O presidente do México, Andrés Manuel López Obrador, declarou que não participará da Cúpula caso países da região sejam excluídos do encontro. Os presidentes da Bolívia, Luis Arce, e de Honduras, Xiomara Castro, adotaram posição semelhante.
Para o professor de Relações Internacionais da FACAMP Pedro Costa Júnior, os EUA não devem mudar a sua posição tradicional de excluir países que de alguma forma ameaçam os interesses norte-americanos.
"Quando estudamos política externa norte-americana [...] vemos que ela funciona punindo seus inimigos", disse Costa Júnior à Sputnik Brasil. "Então, quem ousa desafiar os interesses dos EUA nessa região, que eles consideram a sua zona de influência direta, será punido de maneira exemplar."

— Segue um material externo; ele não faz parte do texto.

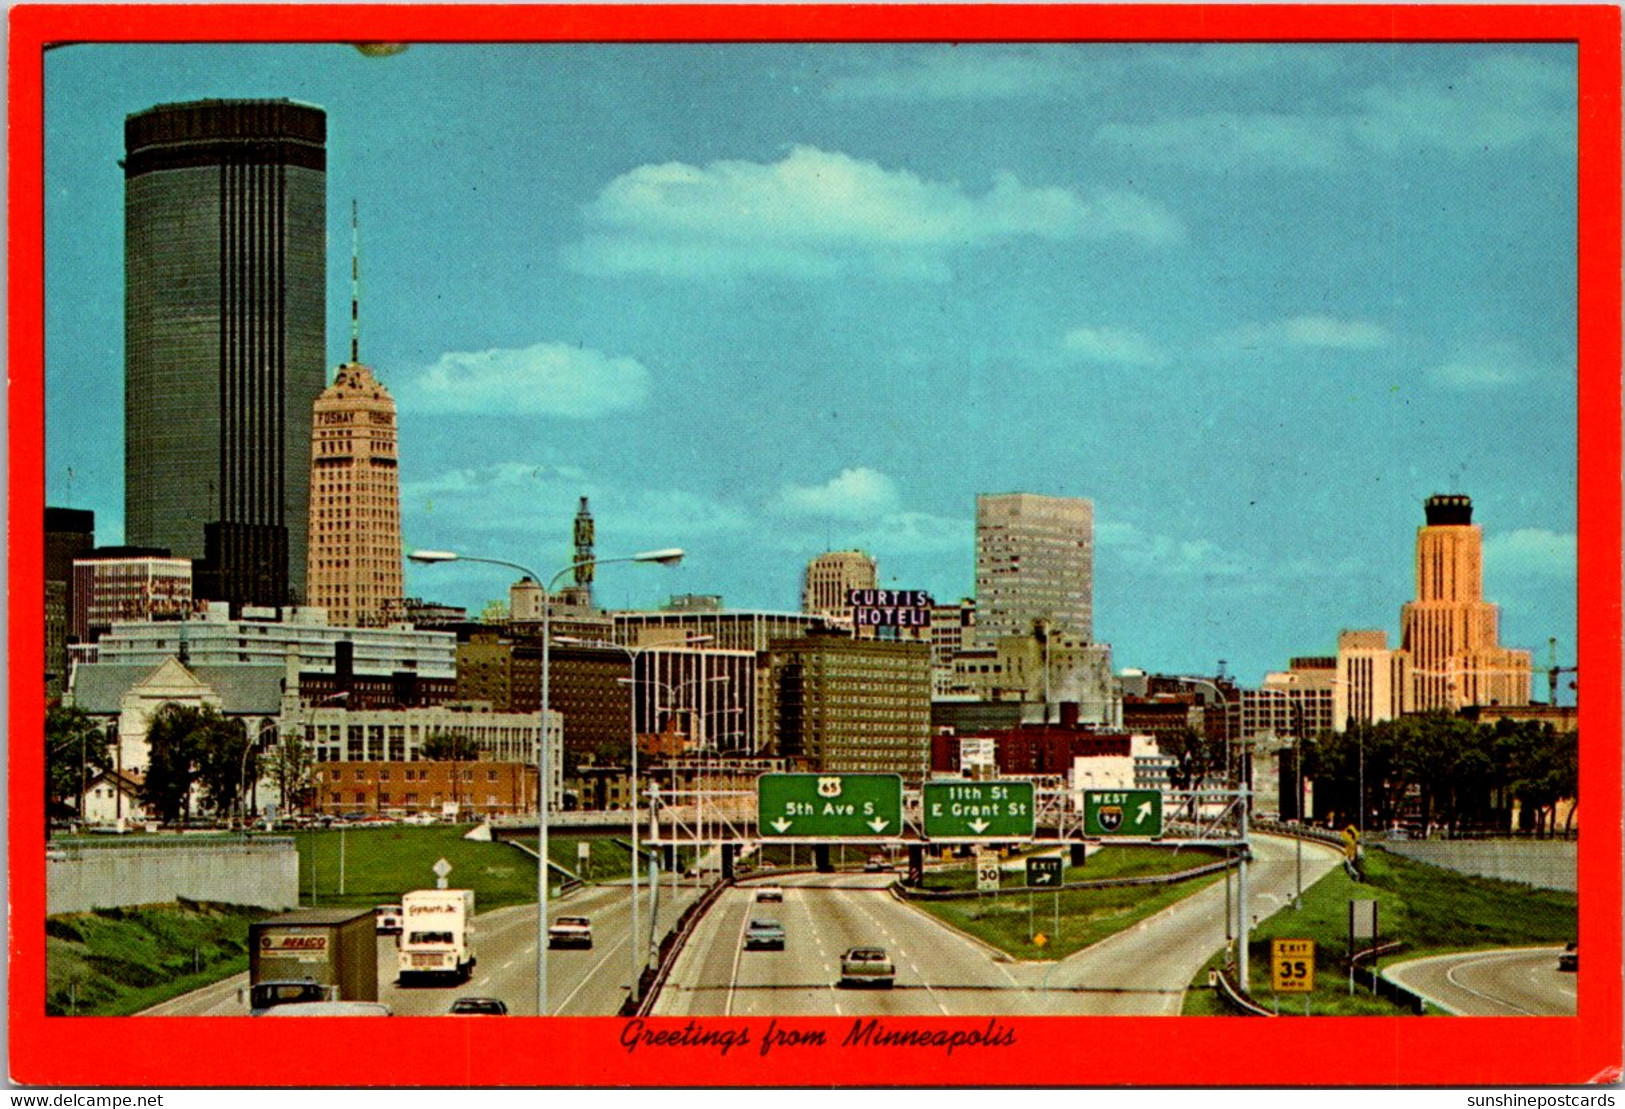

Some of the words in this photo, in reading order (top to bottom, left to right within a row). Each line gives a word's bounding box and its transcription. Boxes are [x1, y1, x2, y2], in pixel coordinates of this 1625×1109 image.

Autor do livro "Colapso ou Mito do Colapso?" sobre o poderio norte-americano, Costa Júnior acredita que a política de isolamento de países rebeldes é mantida, "não importa se é Obama, se é Bush, se é Trump ou Biden. É assim que funciona a política do poder norte-americano: você pune e dá o exemplo, para que outros não se levantem".
Presidente de Cuba, Miguel Díaz-Canel
© AP Photo / Ariel Ley Royero
Em resposta, países excluídos da lista norte-americana se reuniram na Cúpula da Aliança Bolivariana para os Povos da Nossa América (ALBA), na capital cubana Havana, no dia 27 de maio.
"A prática de excluir não é nova, e confirma o interesse dos EUA em controlar o sistema interamericano para fins hegemônicos e impor seu poder de supervisionar a democracia. Esse direito não cabe a eles politicamente ou moralmente", disse o presidente de Cuba, Miguel Diaz-Canel, durante o encontro. "Eles afirmam ser promotores da democracia [...] mas são incapazes de garantir um espaço plural."
Para garantir o quórum da Cúpula das Américas, funcionários do governo norte-americano cumpriram extensa agenda na América Latina nas duas últimas semanas. A ofensiva diplomática deu resultado, e os presidentes da Argentina, Alberto Fernandez, e do Brasil, Jair Bolsonaro, confirmaram presença no evento sediado por Biden.
Bolsonaro em Los Angeles
Após semanas de hesitação, o presidente Jair Bolsonaro decidiu pela viagem aos EUA onde, além de participar da Cúpula, realizará reunião bilateral com Joe Biden.
De acordo com o presidente, "será uma reunião bilateral, reservada, em que a gente vai reatar para valer nosso relacionamento. Os governos são passageiros, mas os países são eternos. Há interesse dele [Joe Biden] em conversar conosco. Nós temos um bom relacionamento com todos os países. Dialogamos com a Rússia, com a Coreia do Sul, Japão, Israel, enfim, com todos", afirmou em entrevista à CNN Brasil.
Focado em sua campanha à reeleição, Bolsonaro afirmou que não tem a intenção de ir aos EUA "somente para sorrir, cumprimentar e posar para uma foto". Porém, uma foto com Joe Biden pode trazer ganhos ao presidente brasileiro.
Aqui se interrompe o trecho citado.